For most of my career, I’ve been a “monomaniac on a mission” about integrating change and development efforts within a systemic culture development process. Way too much money and time has been wasted with isolated programs that don’t provide broader context, support, and follow-through. Decades of our experience and countless research studies show the power of built-in culture change.

Transformation Pathways to Built-In Culture Change

Over the last few decades, research on the key elements of top-performing organizations has increased dramatically. When I wrote Firing on all Cylinders, organization effectiveness frameworks focused on service and quality improvement and were just developing in Canada, the U.S., Japan, Europe, and other countries. The book’s “cylinders” framework drew from that research, and the work our consulting companies (The Achieve Group and Zenger Miller) were doing at that time.

By the time I wrote Pathways to Performance, organizational excellence research had grown and broadened further. As we helped Clients with their culture development efforts, we merged those experiences with continuing organizational effectiveness research to evolve our Transformation Pathways assessment and implementation framework.

 

Balancing Management and Leadership

We use our compass model during many Leadership Team Retreats for assessment and implementation planning. The model pulls together a series of “transformation pathways” to prioritize and map short and longer-term leadership and culture development strategies. This framework balances management processes and systems with leadership behaviors and skills.

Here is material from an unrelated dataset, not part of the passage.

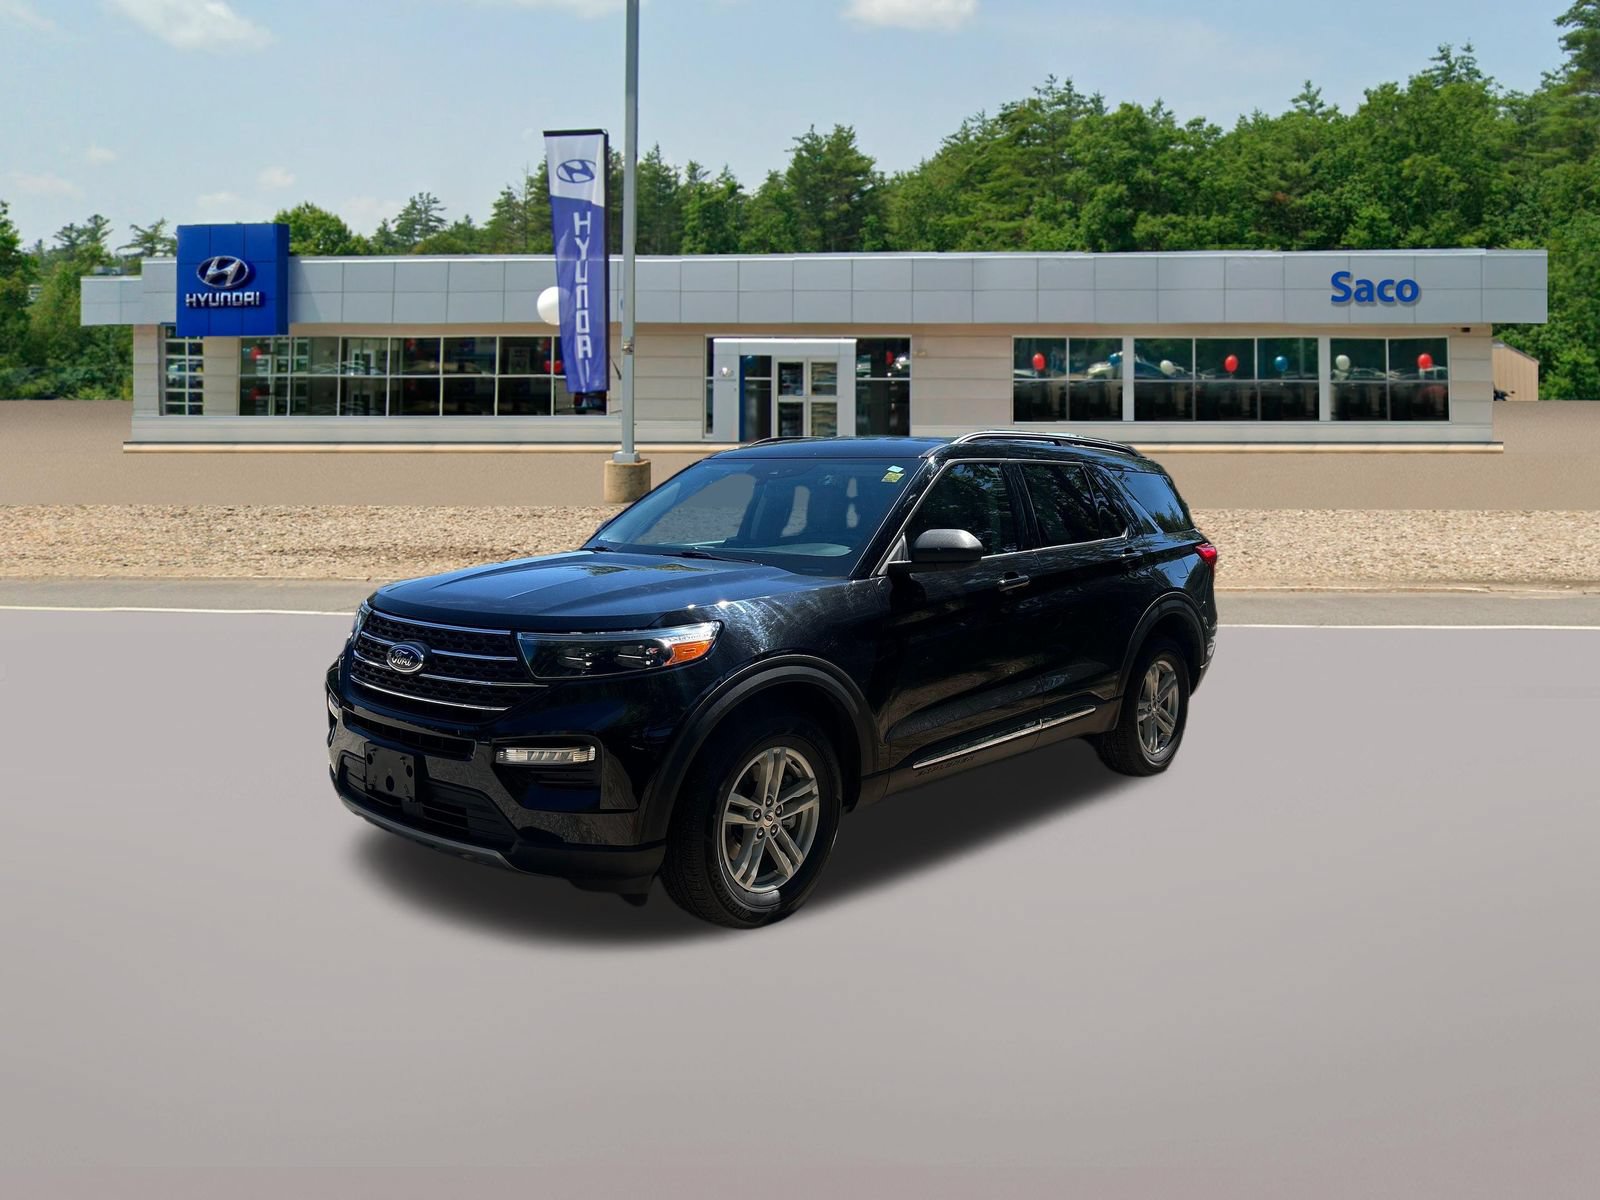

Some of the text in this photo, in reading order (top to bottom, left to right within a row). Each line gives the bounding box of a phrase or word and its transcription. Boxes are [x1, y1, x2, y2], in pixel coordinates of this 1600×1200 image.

How’s your team/organization doing across these six key areas? You can click on any sub-topic for an overview and options to drill deeper:

Focus and Context

Customers & Partners

Strategy & Direction

Measures & Rewards

Processes & Systems

Learning & Development

Click on Organization Self-Assessment and Gap Analysis if you’d like to assess your current performance and rank improvement urgency for each of the topic areas. This gives you total gap points to determine your top priorities in your improvement journey. This is an especially powerful process for leadership team members to do individually and then aggregate scores for team development and planning.

If you or your team would like further context and applications for this assessment and planning tool, you can review my Leading a Peak Performance Culture webinar.

Culture Change Pathways and Pitfalls

Here are a few time-tested keys to culture development:

  • “True North” on the compass is set by customers and partners — continuous monitoring of external customers’ expectations to rank-order priorities and indicators for each internal team in the customer-partner chain.
  • The center of the compass starts with the central focus and context questions; Where are we going (our picture of our preferred future or outcome); What do we believe in (our guiding values or principles?); Why do we exist (our reason for being, mission, or purpose)?
  • The journey rises or falls on the behaviors of the senior leadership team. The team’s dynamics and behaviors boost or block the transformation process.
  • Leaders at all levels and support staff flip the organization chart to serve the frontline producers and deliverers. This drives performance feedback, measurement processes, strategies, budgets, etc.
  • Continuous learning, feedback, and courageous conversations reduce the moose and dangers of smothering silence.
  • Hiring, orientation, and promotion practices reflect the culture’s desired values and behaviors.
  • Extensive and wide-scale continuous skill-building equips and enables everyone to lead and support the improvement process.
  • Team and individual reward and recognition processes and practices need to be aligned to reinforce culture values. Click here for best practices to energize and not enervate.
  • Establish 3 or 4 Strategic Imperatives. Form an implementation team for each Strategic Imperative with an owner, team leader (sometimes the same person), and team members. Give each team a broad mandate and direction to return in a few weeks within the broad scope of an implementation plan.

Teaching a pig to sing wastes time and annoys the pig. There’s a vast array of piecemeal programs for improving customer service, employee engagement, building agile organizations, rebranding, leadership development, coaching skills, change management, automation/AI, etc.

While not quite at the same level of futility as a pig whistling, many try to “development dip” participants in bolt-on piecemeal programs. They’re trying to overcome the truism of continuing to do the same things in daily operations while expecting different results.